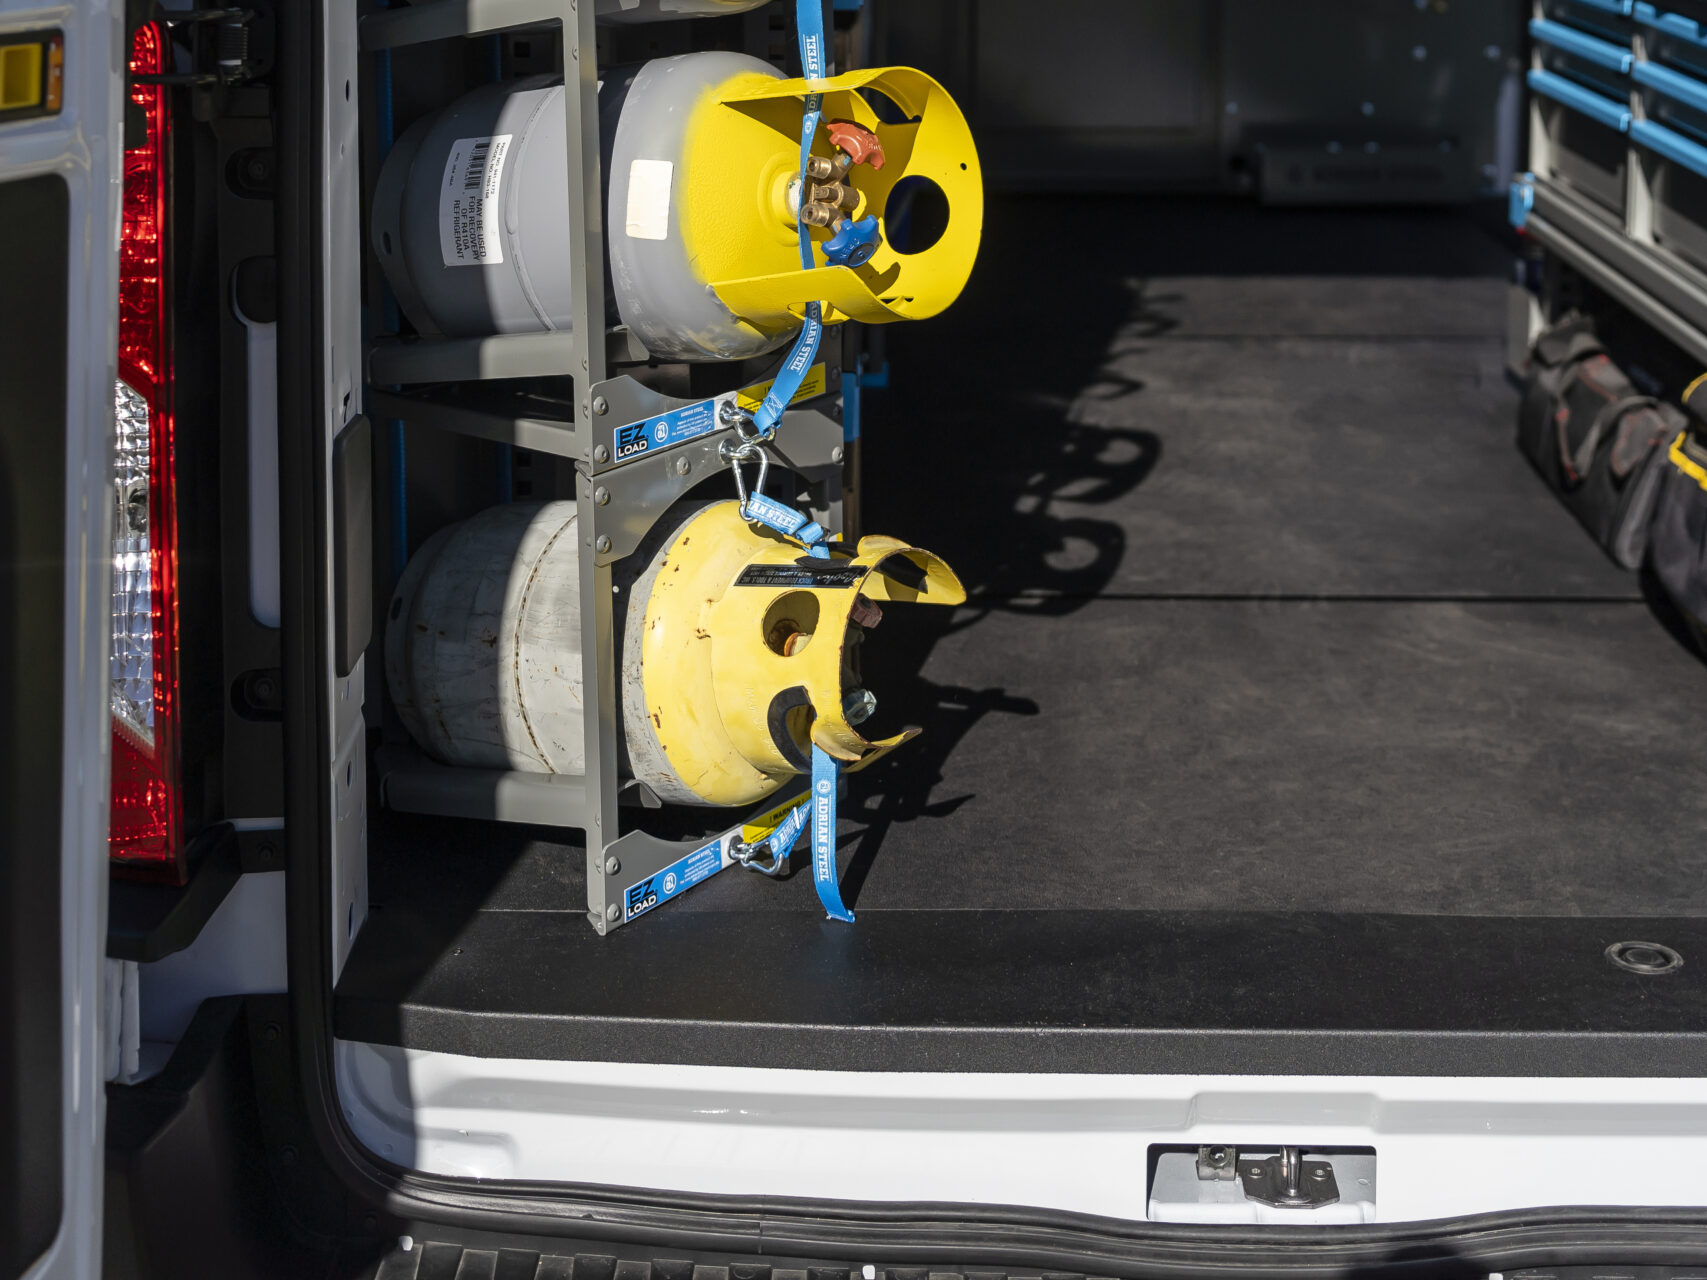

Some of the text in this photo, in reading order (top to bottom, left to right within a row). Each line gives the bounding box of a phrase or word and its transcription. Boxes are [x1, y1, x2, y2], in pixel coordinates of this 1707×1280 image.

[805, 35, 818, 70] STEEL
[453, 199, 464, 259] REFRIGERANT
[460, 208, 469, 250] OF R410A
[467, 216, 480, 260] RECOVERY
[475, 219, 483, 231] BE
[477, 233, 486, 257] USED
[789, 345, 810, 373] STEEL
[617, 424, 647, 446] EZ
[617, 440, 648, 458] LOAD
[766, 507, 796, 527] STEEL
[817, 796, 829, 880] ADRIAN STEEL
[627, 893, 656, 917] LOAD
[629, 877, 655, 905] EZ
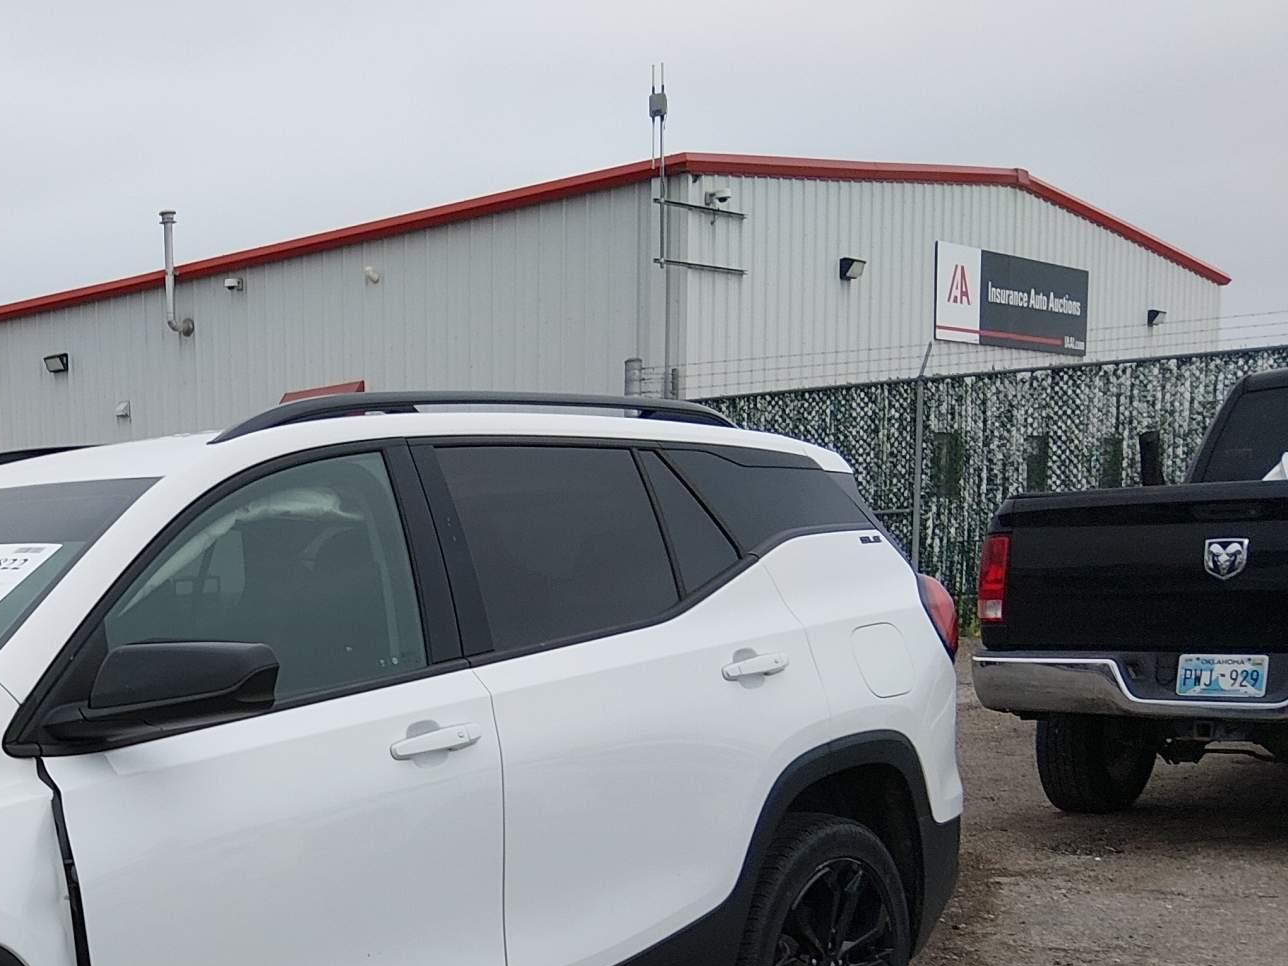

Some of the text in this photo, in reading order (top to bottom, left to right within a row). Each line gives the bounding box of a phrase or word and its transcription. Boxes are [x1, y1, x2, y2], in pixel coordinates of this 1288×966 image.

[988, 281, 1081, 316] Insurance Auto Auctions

_DIRECTIONS FOR THIS TASK_
The task calls for every line of the data to be returned exactly, without pictures.

_PROBLEM SOLUTION_
Some of the text in this photo, in reading order (top to bottom, left to right within a row). Each line gives the bounding box of a phrase or word and its transcription. Boxes are [x1, y1, x2, y2], in pixel coordinates of this 1707×1280 image.

[805, 35, 818, 70] STEEL
[453, 199, 464, 259] REFRIGERANT
[460, 208, 469, 250] OF R410A
[467, 216, 480, 260] RECOVERY
[475, 219, 483, 231] BE
[477, 233, 486, 257] USED
[789, 345, 810, 373] STEEL
[617, 424, 647, 446] EZ
[617, 440, 648, 458] LOAD
[766, 507, 796, 527] STEEL
[817, 796, 829, 880] ADRIAN STEEL
[627, 893, 656, 917] LOAD
[629, 877, 655, 905] EZ

Some of the text in this photo, in reading order (top to bottom, left to right within a row). Each line gives the bounding box of a phrase or word and its transcription. Boxes are [x1, y1, x2, y2], in pixel coordinates of this 1288×966 image.

[988, 281, 1081, 316] Insurance Auto Auctions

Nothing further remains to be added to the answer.